Slaves are victims (the “abused, oppressed, suffering, unemancipated, the weary and those uncertain of themselves” (SS, 70)); but according to Nietzsche, most slaves choose to be victims. Slave morality is timid, and favors a limited existence; it “makes the best of a bad situation. ” It promotes the virtues that “serve to ease existence for those who suffer: here pity, the complaisant and obliging hand, the warm heart, patience, industry, humility, and friendliness are honored — for here these are the most useful qualities and almost the only means for enduring the pressure of existence.

Slave morality is essentially a morality of utility,”(SS, 71), i. e. , a morality that values the mediocre group over the superior individual. Nietzsche thinks slave moralities have pretty much taken over as the official moralities of the Western world (the ones people pay lip service to). But Nietzsche thinks the triumph of ideals of equality and democracy in modern times is a great tragedy for humanity. Equality and democracy are for Nietzsche the worst, not the best, values; they are the exact opposite of hat humans in their hearts actually value, the opposite of what it is natural to value. Inferior people naturally see the superiority of their “natural” masters; hence by nature, they fear them and feel uncomfortable with them. When slave morality takes hold, the inferior ones are suddenly given “moral” license to brainwash and persecute those who try to express the will to power. (Such persons are not “friendly,” “not team players. ”) Thus when the ideal of equality rules, the best specimens of humanity are at risk.

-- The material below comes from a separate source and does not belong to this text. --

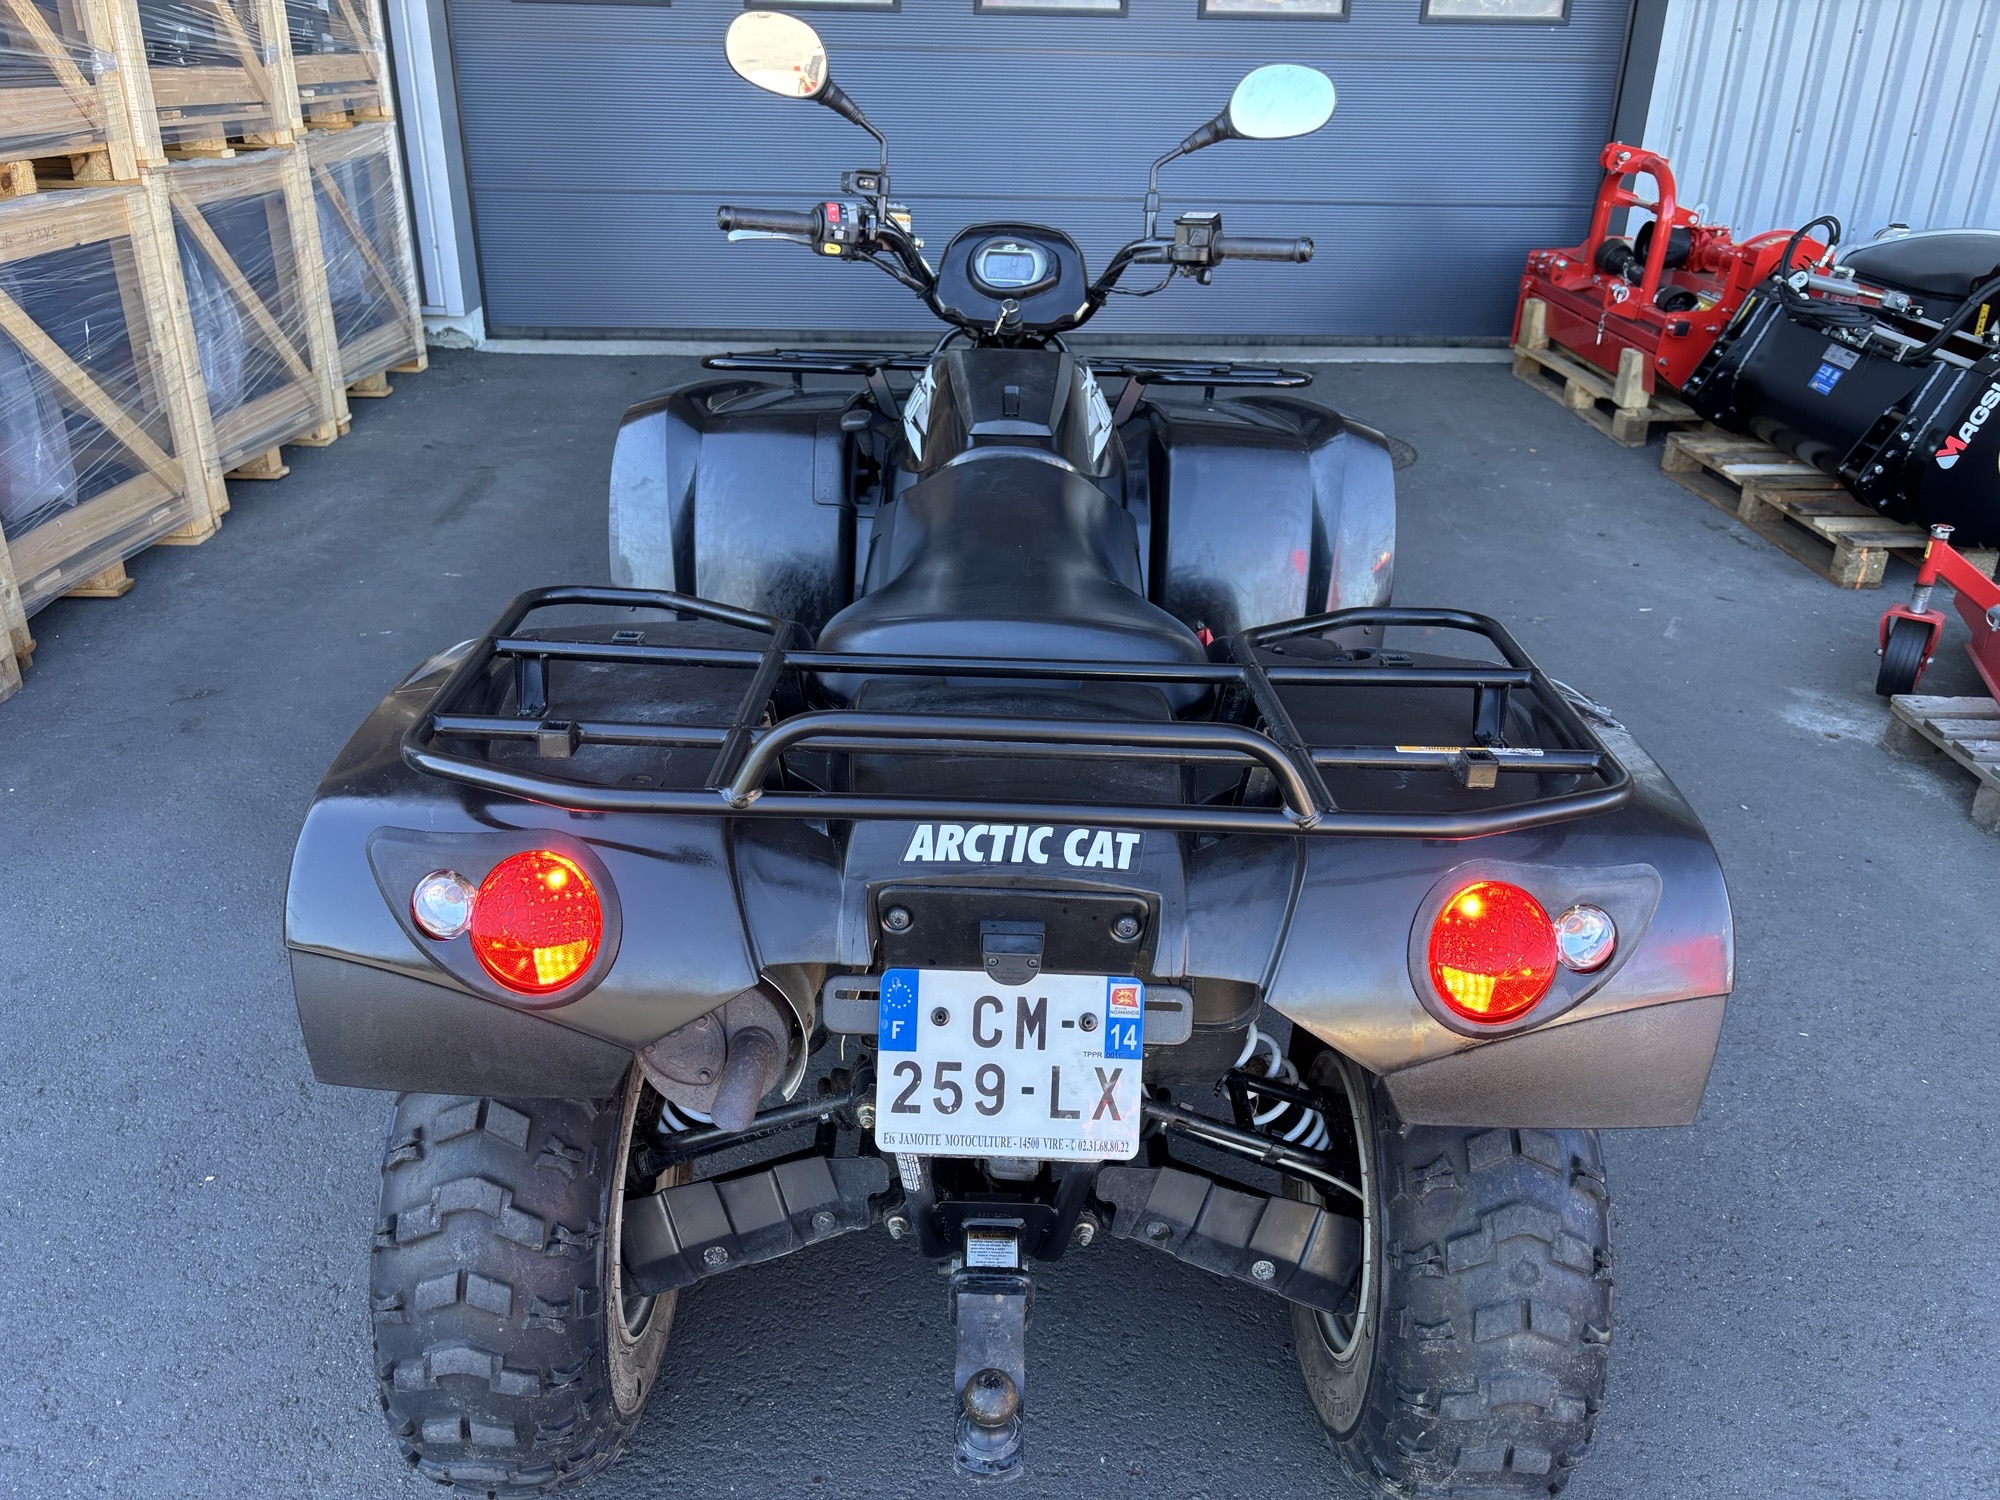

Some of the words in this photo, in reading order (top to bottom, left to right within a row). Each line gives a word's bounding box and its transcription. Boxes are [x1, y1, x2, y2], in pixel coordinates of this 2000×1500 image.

Nietzsche would like to revert to an ancient “classical” time when the “natural aristocrats” (those who expressed the will to power) actually ruled. ` It is not difficult to read Nietzsche as a thinker who does not fit into the history of moral philosophy: he rejects all conventional morality, general principles, and anything that is unconditional; in his way of thinking there are no moral principles that are universally true and applicable. Moreover, he characterizes himself as an ‘immoralist’ and his way of doing philosophy as ‘extra-moral’ as though he were entirely outside the framework of moral thinking.